- Activity -
No line before the one containing "this 1920×1080 image." should appear; that line and all lines after it, through the end of the data, are to be set down exactly.

- Data shown -
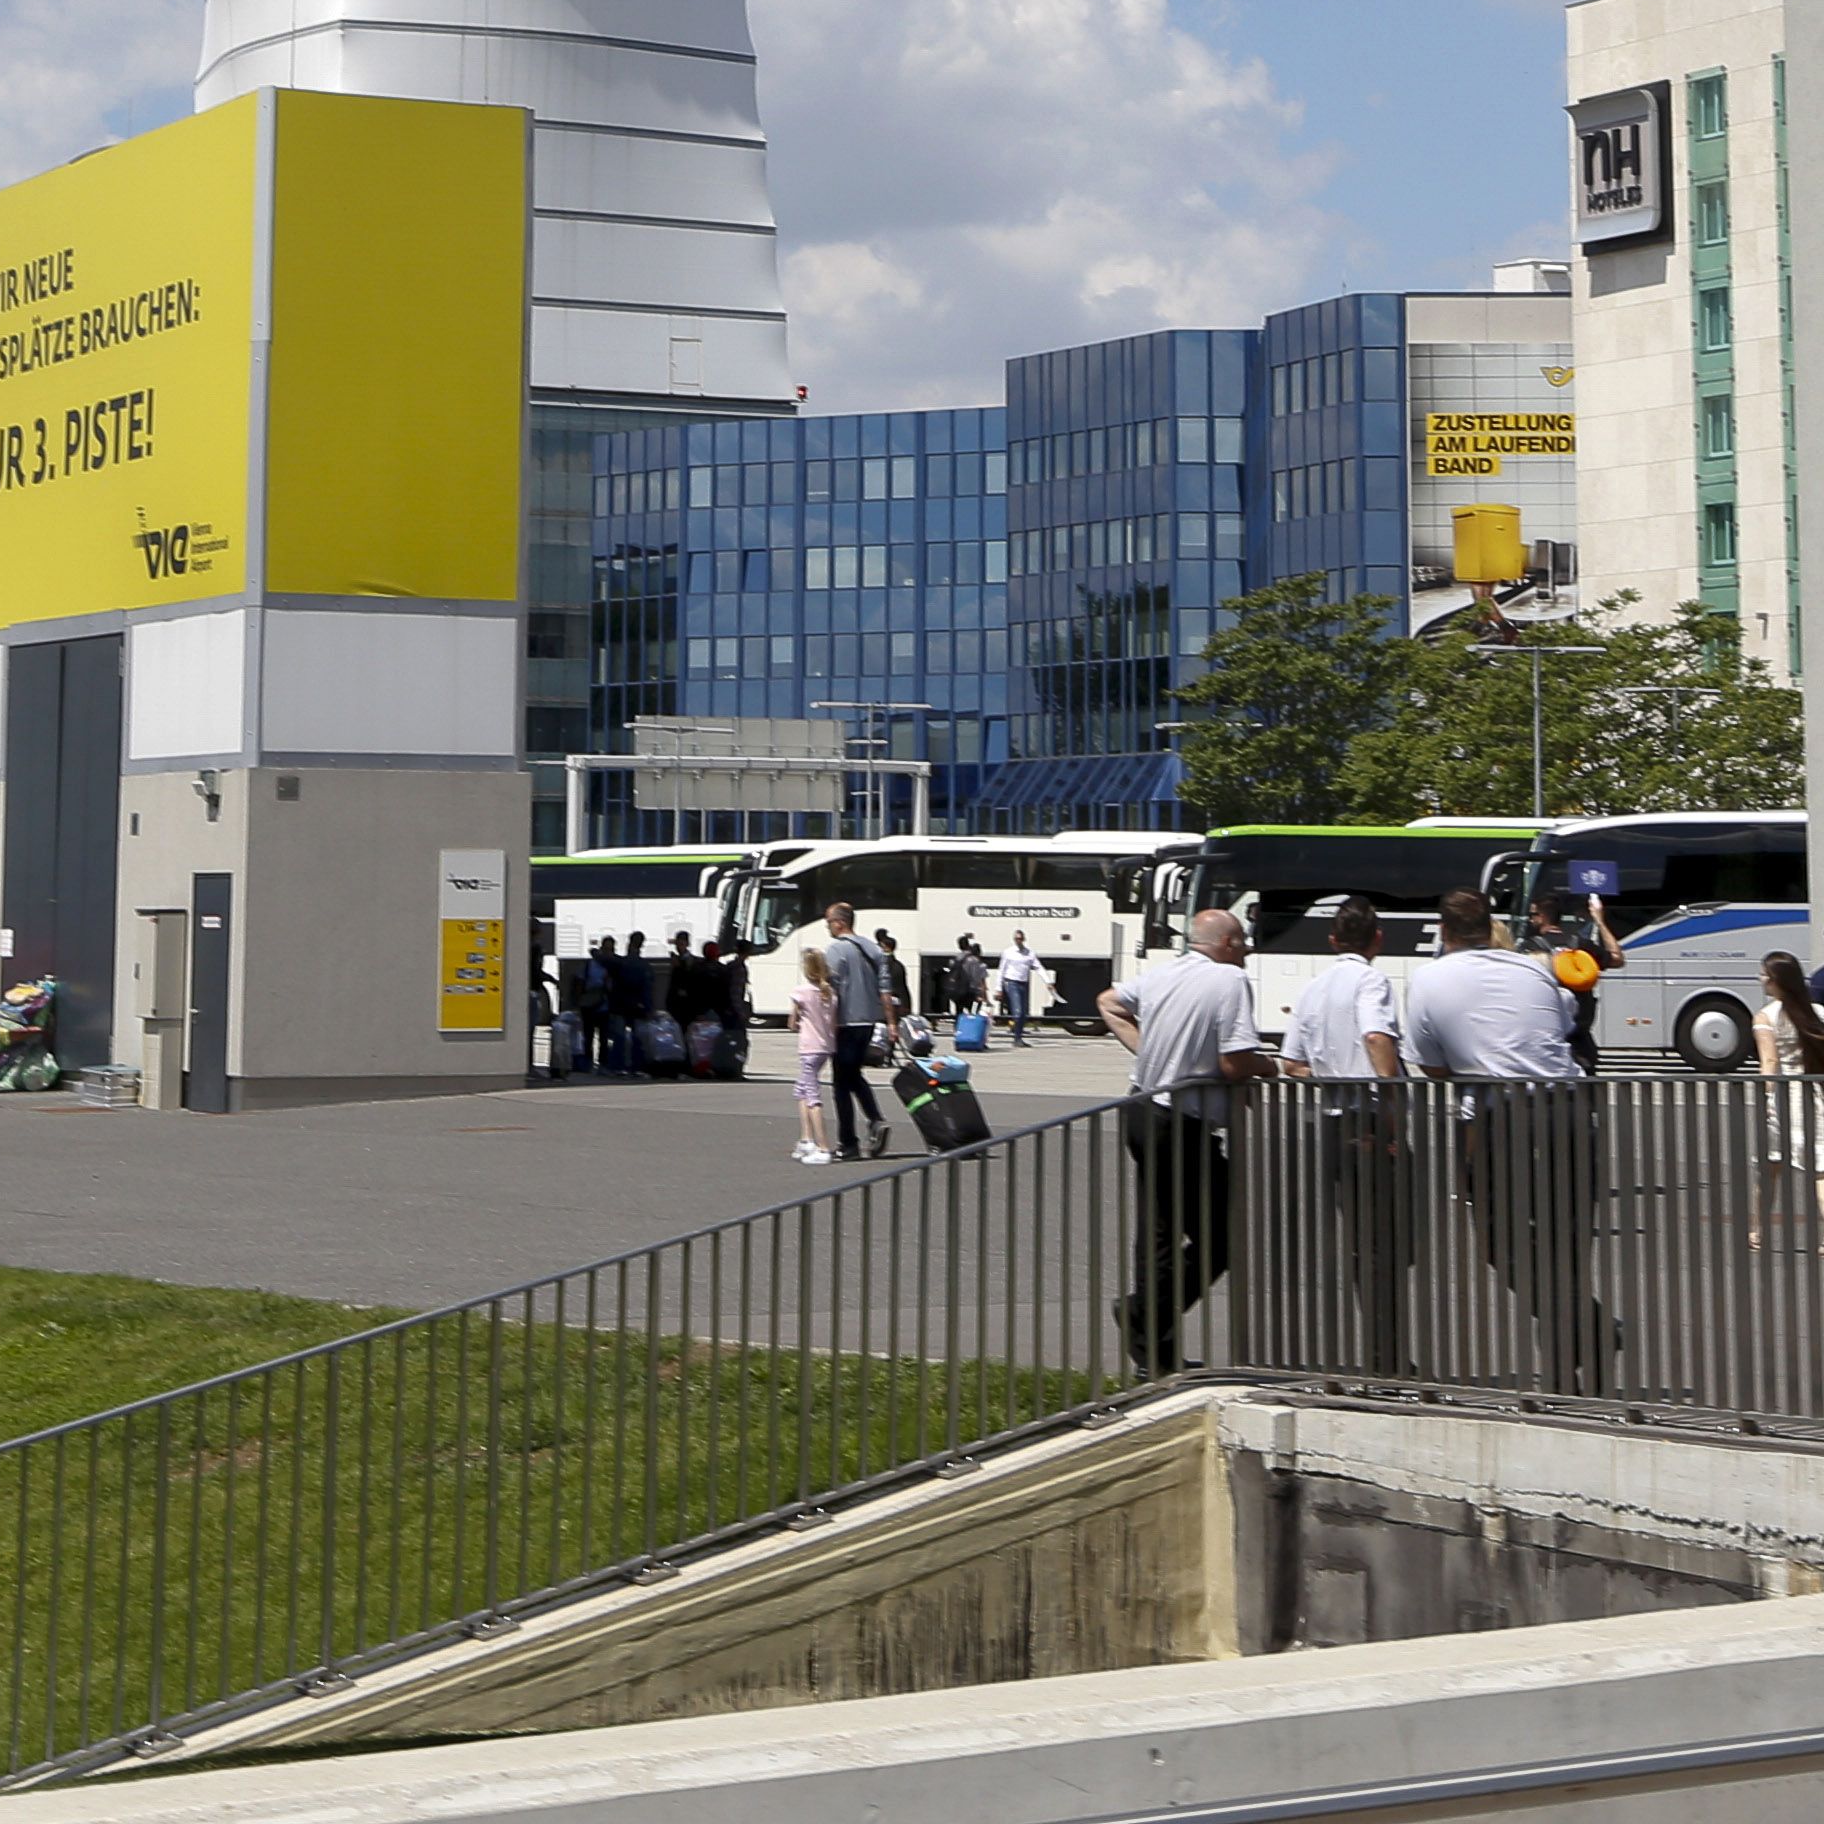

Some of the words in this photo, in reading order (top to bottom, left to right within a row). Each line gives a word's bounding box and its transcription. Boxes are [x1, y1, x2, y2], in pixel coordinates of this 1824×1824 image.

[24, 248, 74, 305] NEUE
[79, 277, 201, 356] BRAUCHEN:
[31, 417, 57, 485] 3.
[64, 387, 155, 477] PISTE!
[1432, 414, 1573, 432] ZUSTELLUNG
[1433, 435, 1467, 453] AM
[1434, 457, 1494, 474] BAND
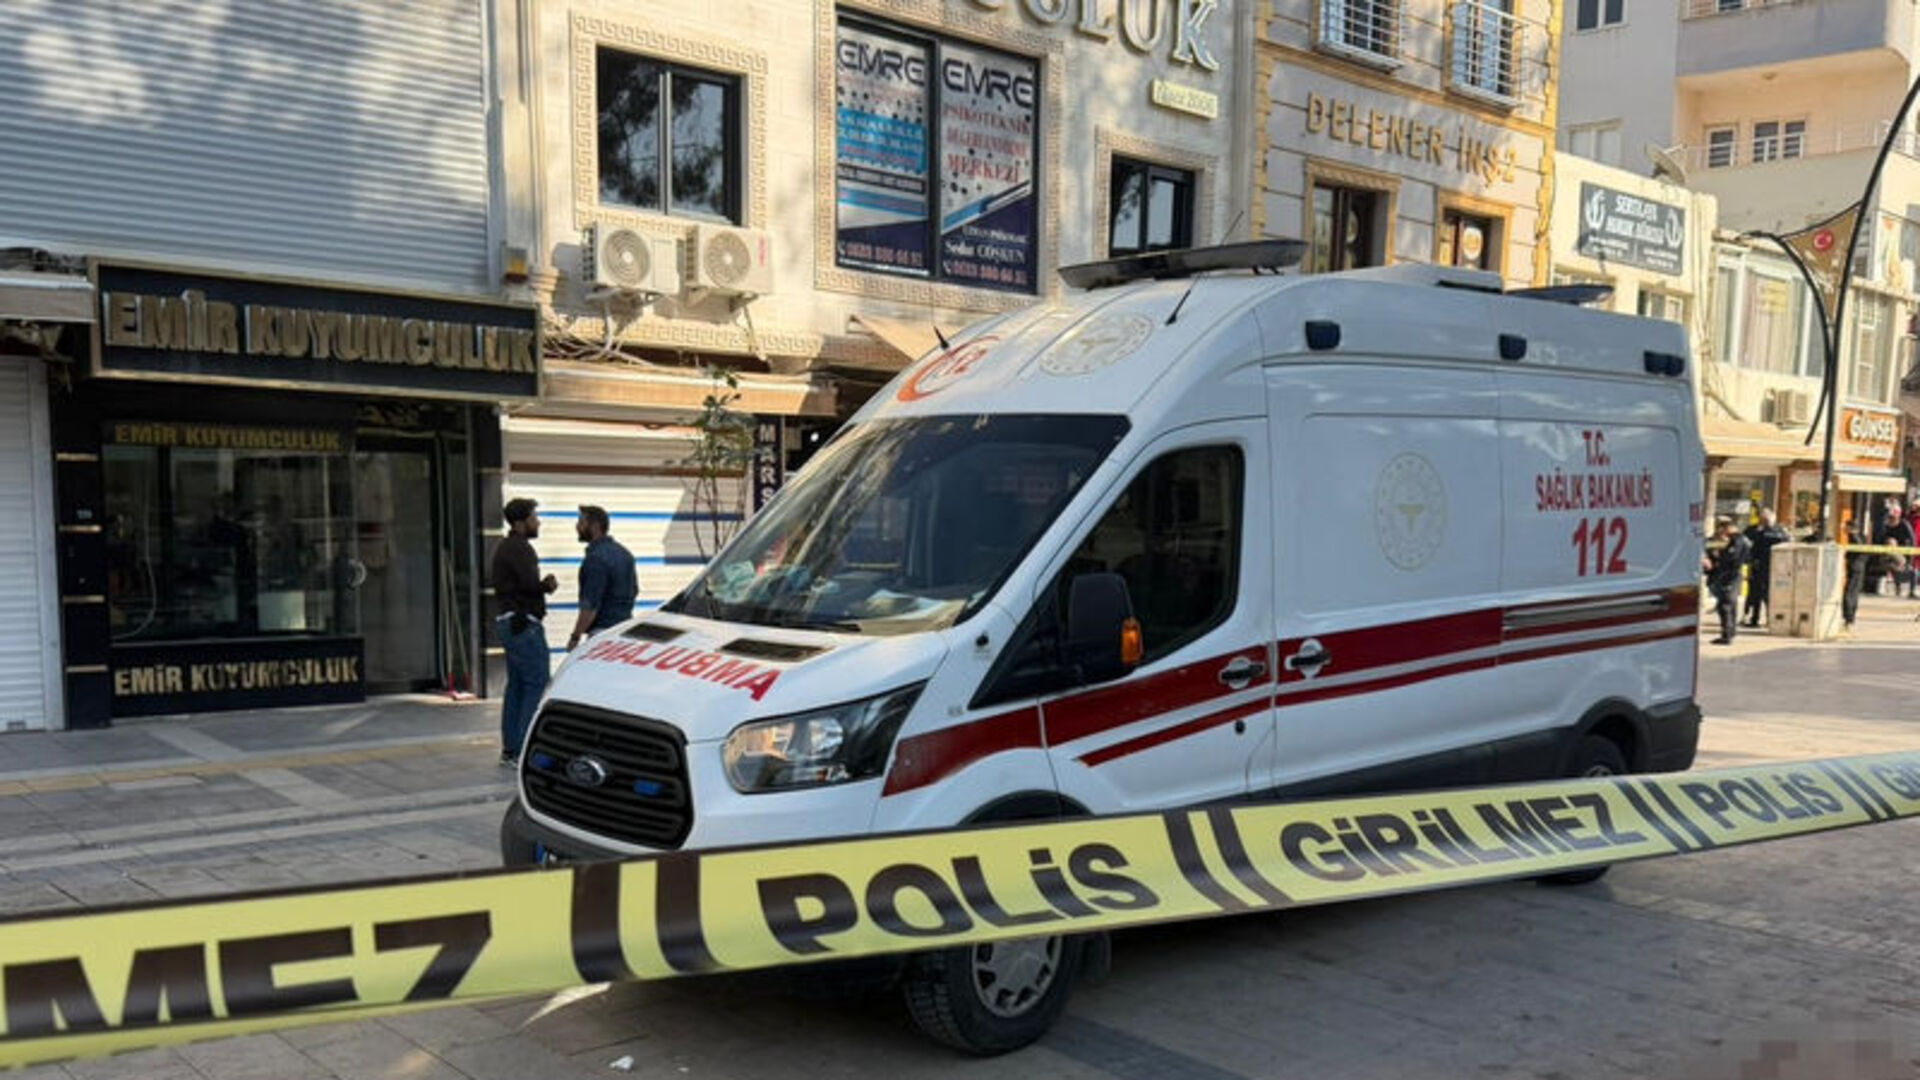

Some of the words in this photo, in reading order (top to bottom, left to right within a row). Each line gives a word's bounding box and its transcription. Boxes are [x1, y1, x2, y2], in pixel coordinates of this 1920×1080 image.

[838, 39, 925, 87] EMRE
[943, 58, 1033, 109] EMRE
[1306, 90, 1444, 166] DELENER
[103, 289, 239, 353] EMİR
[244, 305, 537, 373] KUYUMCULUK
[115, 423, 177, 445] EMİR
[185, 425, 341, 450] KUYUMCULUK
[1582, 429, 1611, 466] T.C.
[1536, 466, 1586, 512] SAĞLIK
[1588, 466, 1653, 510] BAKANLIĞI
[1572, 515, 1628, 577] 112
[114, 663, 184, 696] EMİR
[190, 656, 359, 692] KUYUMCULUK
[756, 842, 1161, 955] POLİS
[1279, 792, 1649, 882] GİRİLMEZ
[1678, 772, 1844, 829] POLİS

- Response below -
Some of the words in this photo, in reading order (top to bottom, left to right within a row). Each line gives a word's bounding box and its transcription. Boxes are [x1, y1, x2, y2], in pixel coordinates of this 1920×1080 image.

[838, 39, 925, 87] EMRE
[943, 58, 1033, 109] EMRE
[1306, 90, 1444, 166] DELENER
[103, 289, 239, 353] EMİR
[244, 305, 537, 373] KUYUMCULUK
[115, 423, 177, 445] EMİR
[185, 425, 341, 450] KUYUMCULUK
[1582, 429, 1611, 466] T.C.
[1536, 466, 1586, 512] SAĞLIK
[1588, 466, 1653, 510] BAKANLIĞI
[1572, 515, 1628, 577] 112
[114, 663, 184, 696] EMİR
[190, 656, 359, 692] KUYUMCULUK
[756, 842, 1161, 955] POLİS
[1279, 792, 1649, 882] GİRİLMEZ
[1678, 772, 1844, 829] POLİS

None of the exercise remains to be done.